Unable to use regex for grok pattern:

when I give the following:
POST _ingest/pipeline/_simulate
{
"pipeline": {
"description" : "parse multiple patterns",
"processors": [
{
"grok": {
"field": "message",
"patterns": ["\s*%{LOGLEVEL:level}\s*"]
}
}
]
},
"docs":[
{
"_source": {
"message": "[2018-03-21T22:27:34,362] INFO [o.e.n.Node ] [Lf9T-uu] starting ..."
}
}
]
}

I get this output:
{
"error": {
"root_cause": [
{
"type": "parse_exception",
"reason": "Failed to parse content to map"
}
],
"type": "parse_exception",
"reason": "Failed to parse content to map",
"caused_by": {
"type": "json_parse_exception",
"reason": "Unrecognized character escape 's' (code 115)\n at [Source: org.elasticsearch.transport.netty4.ByteBufStreamInput@21fdd9ae; line: 8, column: 25]"
}
},
"status": 400
}

Bernt_Rostad · March 23, 2018, 6:33am

The parser exception tells you what's wrong, the "\s" is an unknown escape sequence.
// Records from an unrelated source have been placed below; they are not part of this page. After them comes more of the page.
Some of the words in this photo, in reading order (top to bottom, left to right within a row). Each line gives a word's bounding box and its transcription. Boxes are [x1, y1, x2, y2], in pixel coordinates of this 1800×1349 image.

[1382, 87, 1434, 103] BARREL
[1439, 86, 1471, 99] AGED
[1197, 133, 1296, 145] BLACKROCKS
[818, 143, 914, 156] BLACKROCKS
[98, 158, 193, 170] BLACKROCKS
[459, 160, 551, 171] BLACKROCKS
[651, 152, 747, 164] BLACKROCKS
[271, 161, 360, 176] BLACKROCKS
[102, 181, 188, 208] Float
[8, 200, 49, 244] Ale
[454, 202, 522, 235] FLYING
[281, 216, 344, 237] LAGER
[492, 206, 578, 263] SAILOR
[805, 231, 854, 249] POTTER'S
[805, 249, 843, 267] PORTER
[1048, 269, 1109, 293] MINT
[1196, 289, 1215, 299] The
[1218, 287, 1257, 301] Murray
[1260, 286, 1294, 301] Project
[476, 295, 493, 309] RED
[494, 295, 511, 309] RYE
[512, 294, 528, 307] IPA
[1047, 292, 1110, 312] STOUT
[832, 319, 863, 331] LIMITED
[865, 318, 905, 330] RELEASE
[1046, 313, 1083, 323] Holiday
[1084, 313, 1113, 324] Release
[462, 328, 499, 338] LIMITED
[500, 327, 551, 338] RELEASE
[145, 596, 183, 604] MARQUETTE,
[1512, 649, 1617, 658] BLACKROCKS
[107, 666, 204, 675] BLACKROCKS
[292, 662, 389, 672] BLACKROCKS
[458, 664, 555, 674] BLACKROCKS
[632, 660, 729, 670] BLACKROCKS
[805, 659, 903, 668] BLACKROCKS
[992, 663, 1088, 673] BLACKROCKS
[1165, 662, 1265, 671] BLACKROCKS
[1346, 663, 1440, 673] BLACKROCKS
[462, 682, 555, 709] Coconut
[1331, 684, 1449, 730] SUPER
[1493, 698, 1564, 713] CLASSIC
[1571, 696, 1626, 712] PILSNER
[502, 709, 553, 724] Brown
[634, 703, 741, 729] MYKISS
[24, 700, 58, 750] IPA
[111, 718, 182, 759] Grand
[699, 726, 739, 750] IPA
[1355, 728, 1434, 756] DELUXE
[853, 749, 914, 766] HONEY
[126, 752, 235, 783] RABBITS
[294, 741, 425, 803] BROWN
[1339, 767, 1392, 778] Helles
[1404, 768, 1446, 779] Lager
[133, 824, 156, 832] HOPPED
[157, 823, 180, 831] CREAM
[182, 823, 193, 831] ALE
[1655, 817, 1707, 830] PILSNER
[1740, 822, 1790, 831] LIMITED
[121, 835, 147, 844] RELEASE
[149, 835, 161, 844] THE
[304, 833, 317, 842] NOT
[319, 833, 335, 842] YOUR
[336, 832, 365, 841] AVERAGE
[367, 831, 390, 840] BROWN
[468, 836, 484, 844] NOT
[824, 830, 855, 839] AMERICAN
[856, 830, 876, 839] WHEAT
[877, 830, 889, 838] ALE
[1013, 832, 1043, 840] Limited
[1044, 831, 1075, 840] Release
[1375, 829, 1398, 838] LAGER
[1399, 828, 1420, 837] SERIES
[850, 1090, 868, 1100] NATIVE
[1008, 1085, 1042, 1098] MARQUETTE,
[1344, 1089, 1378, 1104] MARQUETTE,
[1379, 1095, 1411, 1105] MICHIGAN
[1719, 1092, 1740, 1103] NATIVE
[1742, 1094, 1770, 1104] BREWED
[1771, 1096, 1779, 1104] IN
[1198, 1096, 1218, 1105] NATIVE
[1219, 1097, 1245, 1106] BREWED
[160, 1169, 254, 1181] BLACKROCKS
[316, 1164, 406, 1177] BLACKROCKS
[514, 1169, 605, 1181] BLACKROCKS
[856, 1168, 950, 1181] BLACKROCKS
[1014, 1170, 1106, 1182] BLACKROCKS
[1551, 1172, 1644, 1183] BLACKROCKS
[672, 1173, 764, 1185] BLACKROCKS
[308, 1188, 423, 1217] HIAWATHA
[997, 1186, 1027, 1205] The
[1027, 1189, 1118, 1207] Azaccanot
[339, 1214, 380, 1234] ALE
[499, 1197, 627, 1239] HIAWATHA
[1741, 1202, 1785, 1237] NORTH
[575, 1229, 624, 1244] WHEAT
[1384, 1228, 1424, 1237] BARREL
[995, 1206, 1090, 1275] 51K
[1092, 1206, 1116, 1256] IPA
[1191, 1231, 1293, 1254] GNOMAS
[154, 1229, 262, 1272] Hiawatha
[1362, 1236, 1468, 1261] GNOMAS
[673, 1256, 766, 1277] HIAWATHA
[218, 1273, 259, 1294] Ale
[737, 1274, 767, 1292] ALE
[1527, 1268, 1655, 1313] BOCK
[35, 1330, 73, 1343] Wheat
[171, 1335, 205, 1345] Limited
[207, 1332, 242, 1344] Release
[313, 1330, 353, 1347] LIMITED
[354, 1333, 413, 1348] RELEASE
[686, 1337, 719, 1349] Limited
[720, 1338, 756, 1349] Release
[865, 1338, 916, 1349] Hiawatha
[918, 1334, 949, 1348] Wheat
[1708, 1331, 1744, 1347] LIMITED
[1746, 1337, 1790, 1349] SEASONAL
Instead, just use space characters around the grok pattern for the file level:

POST _ingest/pipeline/_simulate
{
  "pipeline": {
    "description" : "parse multiple patterns",
    "processors": [
      {
        "grok": {
          "field": "message",
          "patterns": [" %{LOGLEVEL:level} "]
        }
      }
    ]
  },
  "docs":[
    {
      "_source": {
        "message": "[2018-03-21T22:27:34,362] INFO [o.e.n.Node ] [Lf9T-uu] starting ..."
      }
    }
  ]
}

Output (in my Kibana):

{
  "docs": [
    {
      "doc": {
        "_index": "_index",
        "_type": "_type",
        "_id": "_id",
        "_source": {
          "message": "[2018-03-21T22:27:34,362] INFO [o.e.n.Node ] [Lf9T-uu] starting ...",
          "level": "INFO"
        },
        "_ingest": {
          "timestamp": "2018-03-23T06:30:28.633Z"
        }
      }
    }
  ]
}

Sonia_Gupta · March 27, 2018, 6:30pm

Thanks that worked, but when I specify multiple patterns, it failed again:

POST _ingest/pipeline/_simulate

{
"pipeline": {
"description" : "parse multiple patterns",
"processors": [
{
"grok": {
"field": "message",
"patterns": [" %{LOGLEVEL:level} ", "[%{LOGLEVEL:level}]", "level=%{LOGLEVEL:level} ", "level=>:%{LOGLEVEL:level}"]
}
}
]
},
"docs":[
{
"_source": {
"message": "[2018-03-21T22:27:34,362] INFO [o.e.n.Node ] [Lf9T-uu] starting ..."
}
}
]
}

OUTPUT:

"docs": [
{
"doc": {
"_index": "_index",
"_type": "_type",
"_id": "_id",
"_source": {
"message": "[2018-03-21T22:27:34,362] INFO [o.e.n.Node ] [Lf9T-uu] starting ..."
},
"_ingest": {
"timestamp": "2018-03-27T18:26:11.927Z"
}
}
}
]
}

system · April 24, 2018, 6:30pm

This topic was automatically closed 28 days after the last reply. New replies are no longer allowed.